What is being asked:
Repeat, exactly and in full, the lines of the listing below, but without any pictures.

Material supplied:

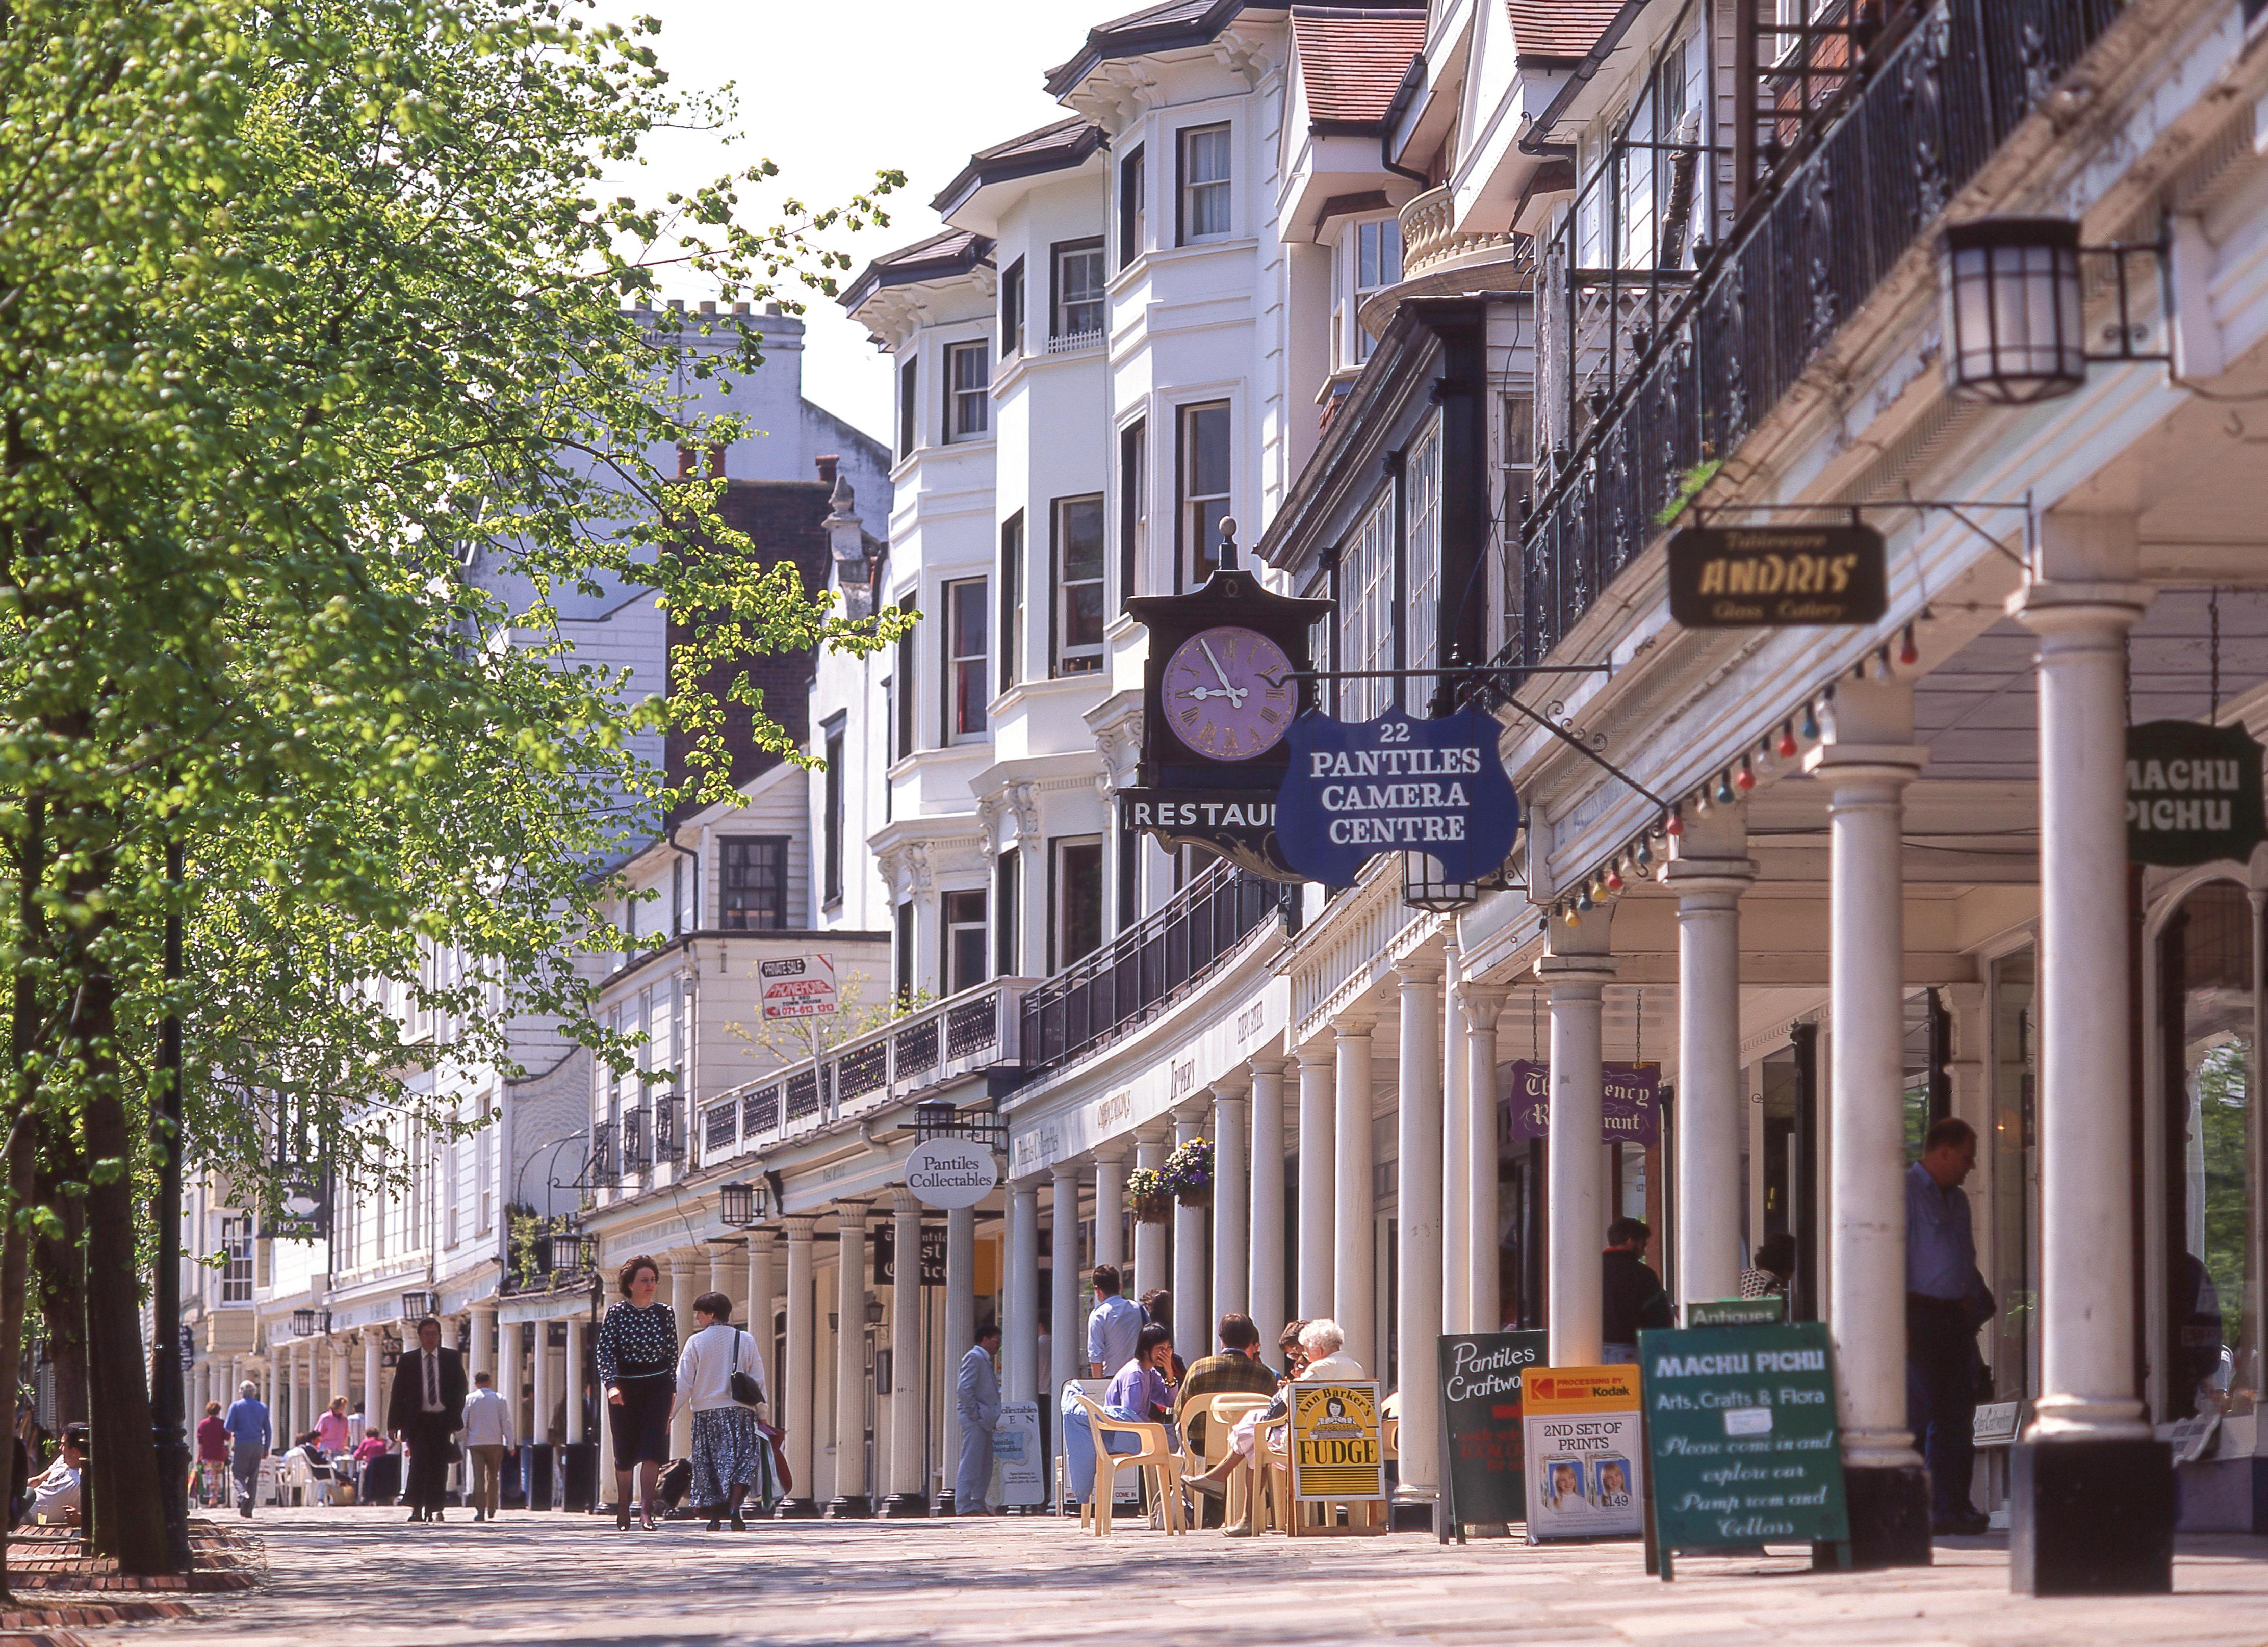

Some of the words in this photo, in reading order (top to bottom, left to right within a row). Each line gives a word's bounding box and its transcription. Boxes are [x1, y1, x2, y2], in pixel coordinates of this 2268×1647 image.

[1380, 723, 1411, 744] 22
[1310, 748, 1482, 778] PANTILES
[1322, 783, 1470, 811] CAMERA
[1135, 803, 1276, 826] RESTAU
[1329, 816, 1466, 845] CENTRE
[1525, 1072, 1550, 1096] Th
[1605, 1084, 1650, 1109] ency
[923, 1156, 980, 1171] Pantiles
[909, 1171, 992, 1188] Collectables
[278, 1221, 320, 1233] HOL
[922, 1233, 947, 1242] ntile
[922, 1244, 941, 1258] st
[1693, 1308, 1777, 1325] Antiques
[1453, 1342, 1535, 1376] Pantiles
[1656, 1354, 1750, 1378] MACHU
[1756, 1349, 1826, 1374] PICHU
[1557, 1378, 1610, 1387] PROCESSING
[1592, 1385, 1630, 1397] Kodak
[1299, 1395, 1320, 1417] Ann
[1322, 1387, 1372, 1417] Barker's
[1699, 1389, 1754, 1408] Crafts
[1758, 1388, 1773, 1406] &
[1779, 1387, 1826, 1405] Flora
[1544, 1425, 1573, 1437] 2ND
[1577, 1423, 1601, 1435] SET
[1603, 1422, 1622, 1433] OF
[1299, 1439, 1378, 1465] FUDGE
[1558, 1437, 1609, 1450] PRINTS
[1659, 1435, 1721, 1457] Please
[1726, 1441, 1772, 1453] come
[1776, 1436, 1794, 1451] in
[1796, 1429, 1833, 1450] and
[1701, 1461, 1769, 1487] explore
[1772, 1465, 1808, 1478] our
[1673, 1492, 1740, 1515] Pump
[1744, 1495, 1784, 1507] room
[1788, 1484, 1828, 1505] and
[1716, 1515, 1794, 1537] Cellars

Answer box:
Some of the words in this photo, in reading order (top to bottom, left to right within a row). Each line gives a word's bounding box and its transcription. Boxes are [x1, y1, x2, y2], in pixel coordinates of this 2268×1647 image.

[1380, 723, 1411, 744] 22
[1310, 748, 1482, 778] PANTILES
[1322, 783, 1470, 811] CAMERA
[1135, 803, 1276, 826] RESTAU
[1329, 816, 1466, 845] CENTRE
[1525, 1072, 1550, 1096] Th
[1605, 1084, 1650, 1109] ency
[923, 1156, 980, 1171] Pantiles
[909, 1171, 992, 1188] Collectables
[278, 1221, 320, 1233] HOL
[922, 1233, 947, 1242] ntile
[922, 1244, 941, 1258] st
[1693, 1308, 1777, 1325] Antiques
[1453, 1342, 1535, 1376] Pantiles
[1656, 1354, 1750, 1378] MACHU
[1756, 1349, 1826, 1374] PICHU
[1557, 1378, 1610, 1387] PROCESSING
[1592, 1385, 1630, 1397] Kodak
[1299, 1395, 1320, 1417] Ann
[1322, 1387, 1372, 1417] Barker's
[1699, 1389, 1754, 1408] Crafts
[1758, 1388, 1773, 1406] &
[1779, 1387, 1826, 1405] Flora
[1544, 1425, 1573, 1437] 2ND
[1577, 1423, 1601, 1435] SET
[1603, 1422, 1622, 1433] OF
[1299, 1439, 1378, 1465] FUDGE
[1558, 1437, 1609, 1450] PRINTS
[1659, 1435, 1721, 1457] Please
[1726, 1441, 1772, 1453] come
[1776, 1436, 1794, 1451] in
[1796, 1429, 1833, 1450] and
[1701, 1461, 1769, 1487] explore
[1772, 1465, 1808, 1478] our
[1673, 1492, 1740, 1515] Pump
[1744, 1495, 1784, 1507] room
[1788, 1484, 1828, 1505] and
[1716, 1515, 1794, 1537] Cellars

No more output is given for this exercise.